**Work task**
Images are not part of the copy; transcribe all the data exactly.

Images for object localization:

------------------------------------

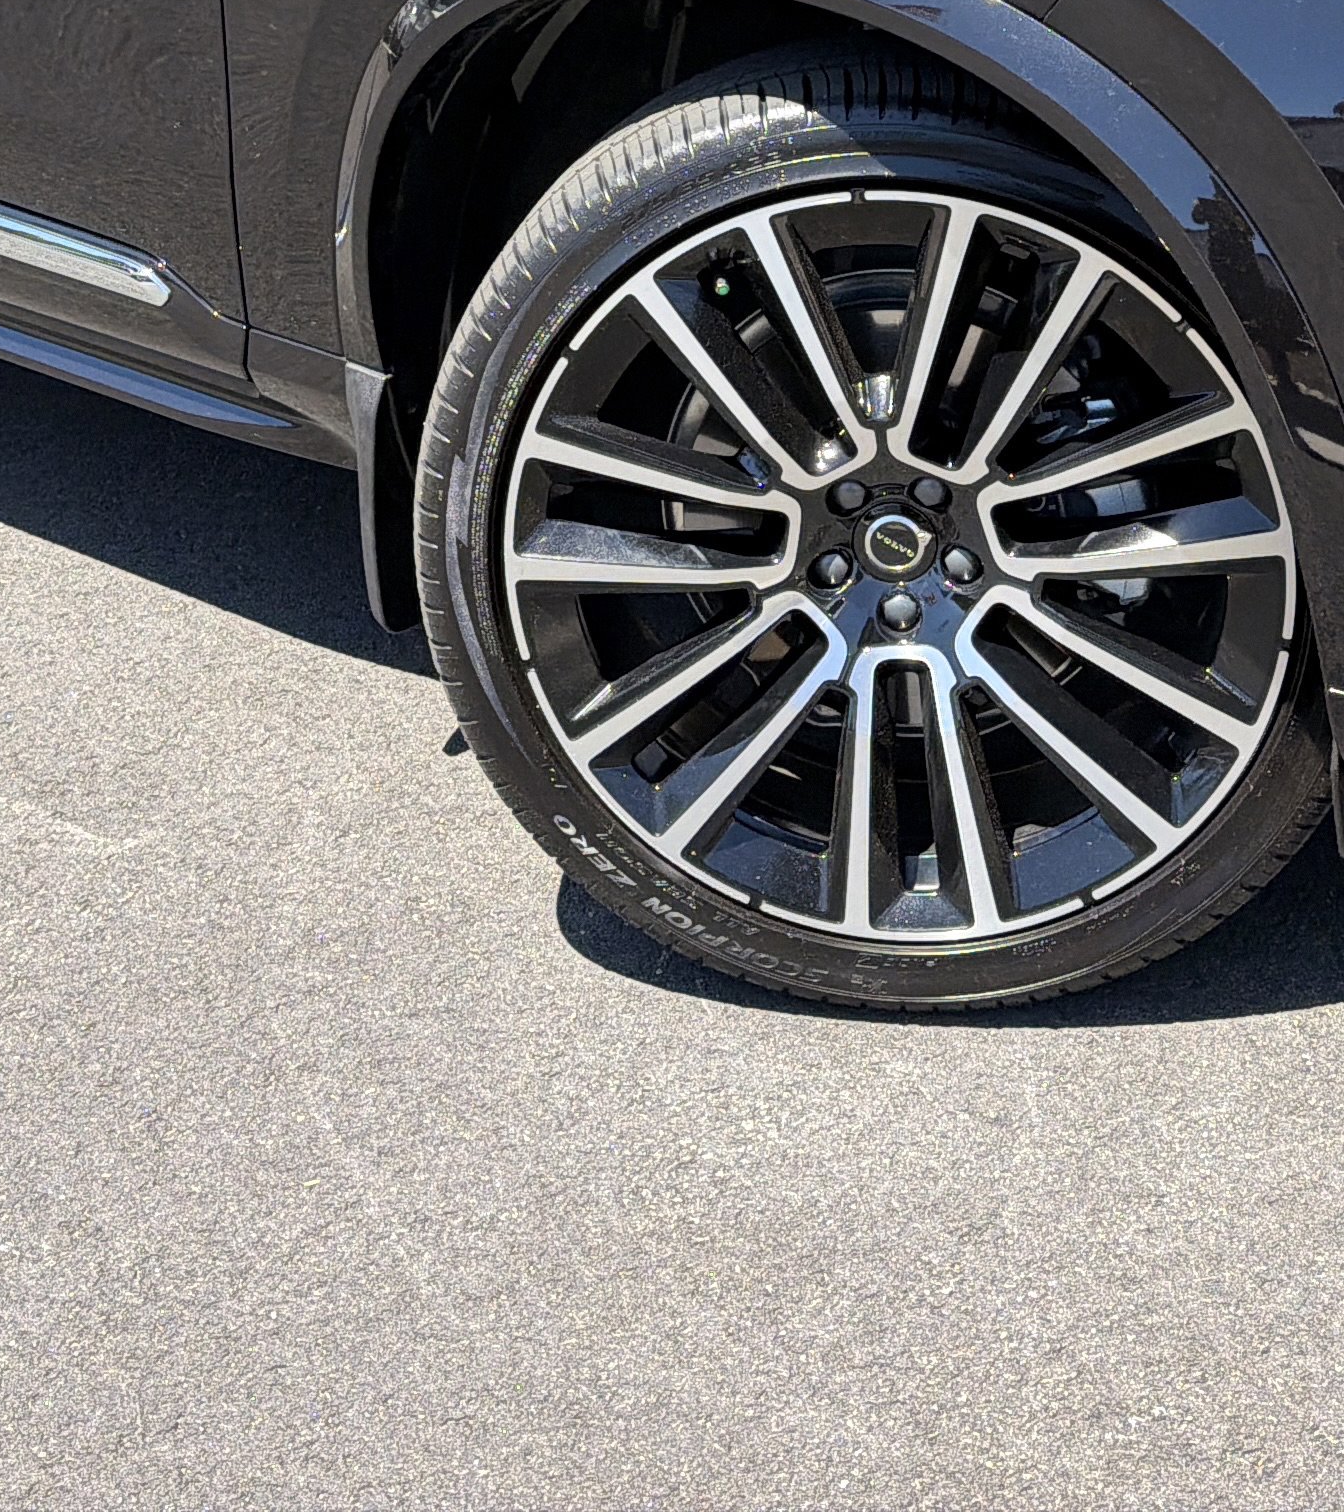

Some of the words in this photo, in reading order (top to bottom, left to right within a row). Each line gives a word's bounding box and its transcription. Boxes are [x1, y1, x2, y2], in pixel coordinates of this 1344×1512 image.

[876, 531, 915, 558] VOLVO
[553, 814, 637, 888] ZERO
[641, 896, 829, 984] SCORPION
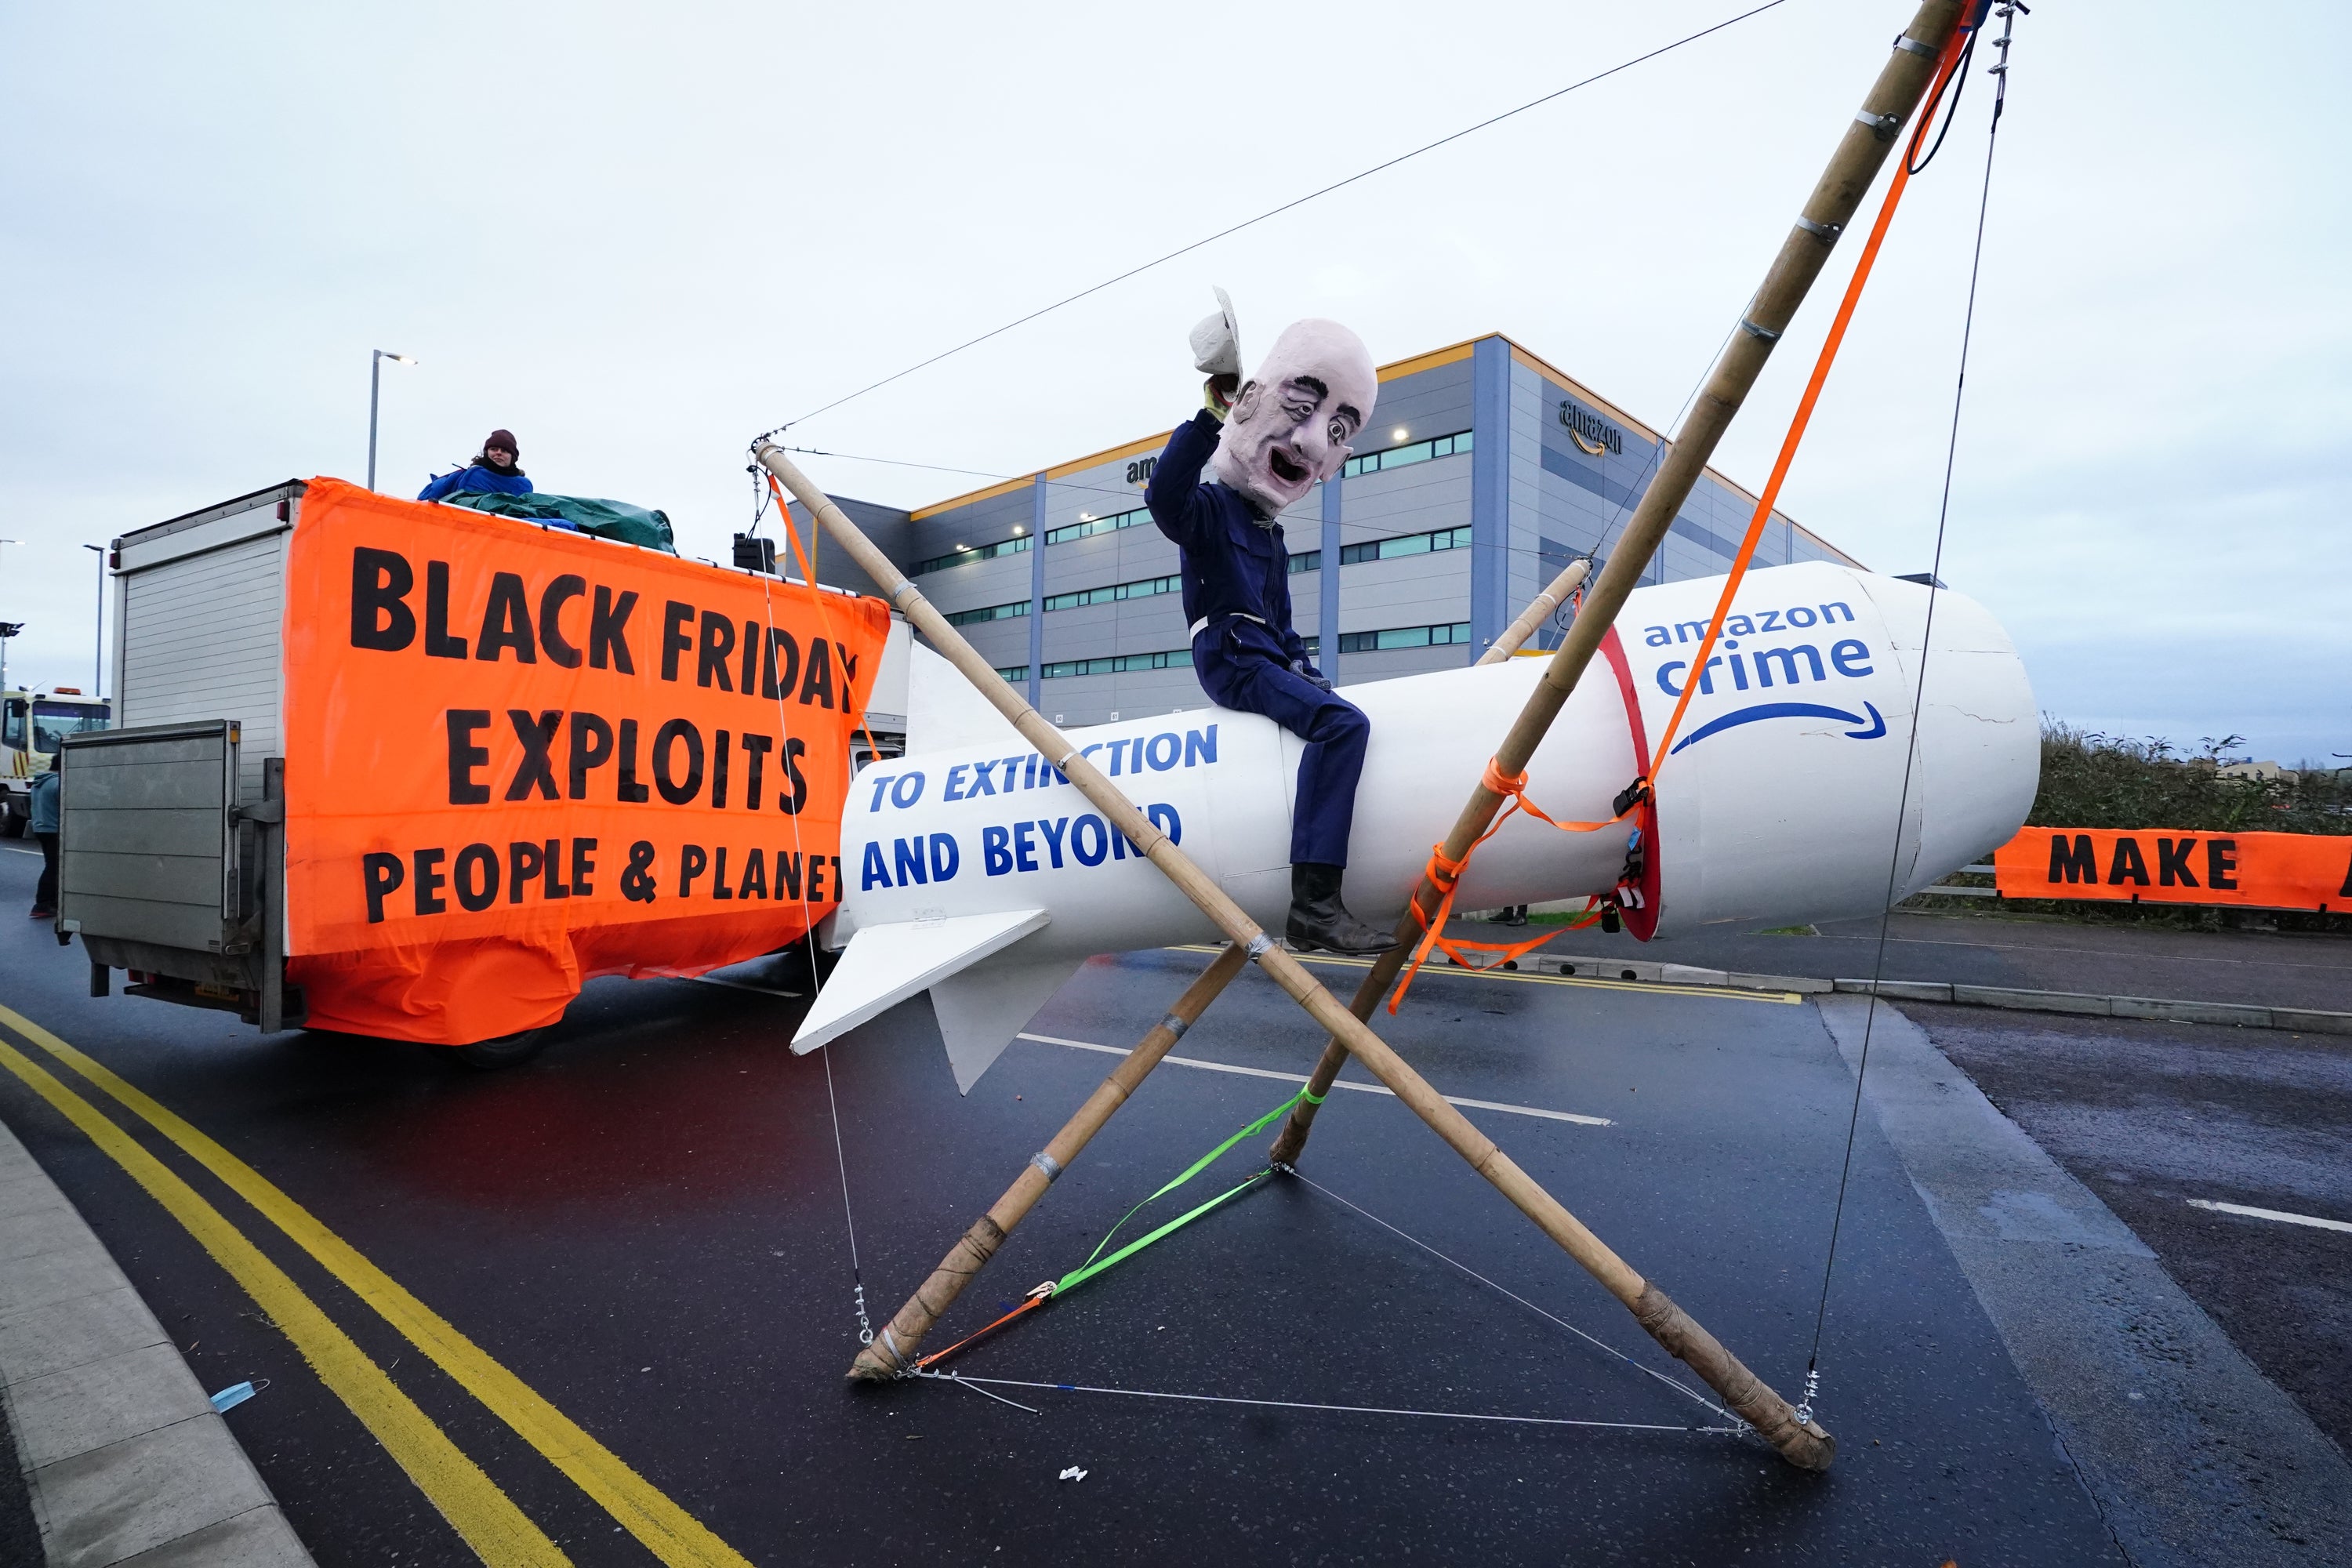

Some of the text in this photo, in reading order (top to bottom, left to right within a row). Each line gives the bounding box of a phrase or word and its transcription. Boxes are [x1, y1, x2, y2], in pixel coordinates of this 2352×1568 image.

------------------------------------

**Written answer**
Some of the words in this photo, in reading order (top to bottom, left to right within a row). Each line gives a word's bounding box and its transcription. Boxes are [x1, y1, x2, y2], in pixel coordinates of this 1344×1512 image.

[876, 531, 915, 558] VOLVO
[553, 814, 637, 888] ZERO
[641, 896, 829, 984] SCORPION

Some of the text in this photo, in reading order (top to bottom, left to right within a row). Each line gives the bounding box of a phrase or word and its transcription. Boxes are [x1, y1, x2, y2], in pixel coordinates of this 2352×1568 image.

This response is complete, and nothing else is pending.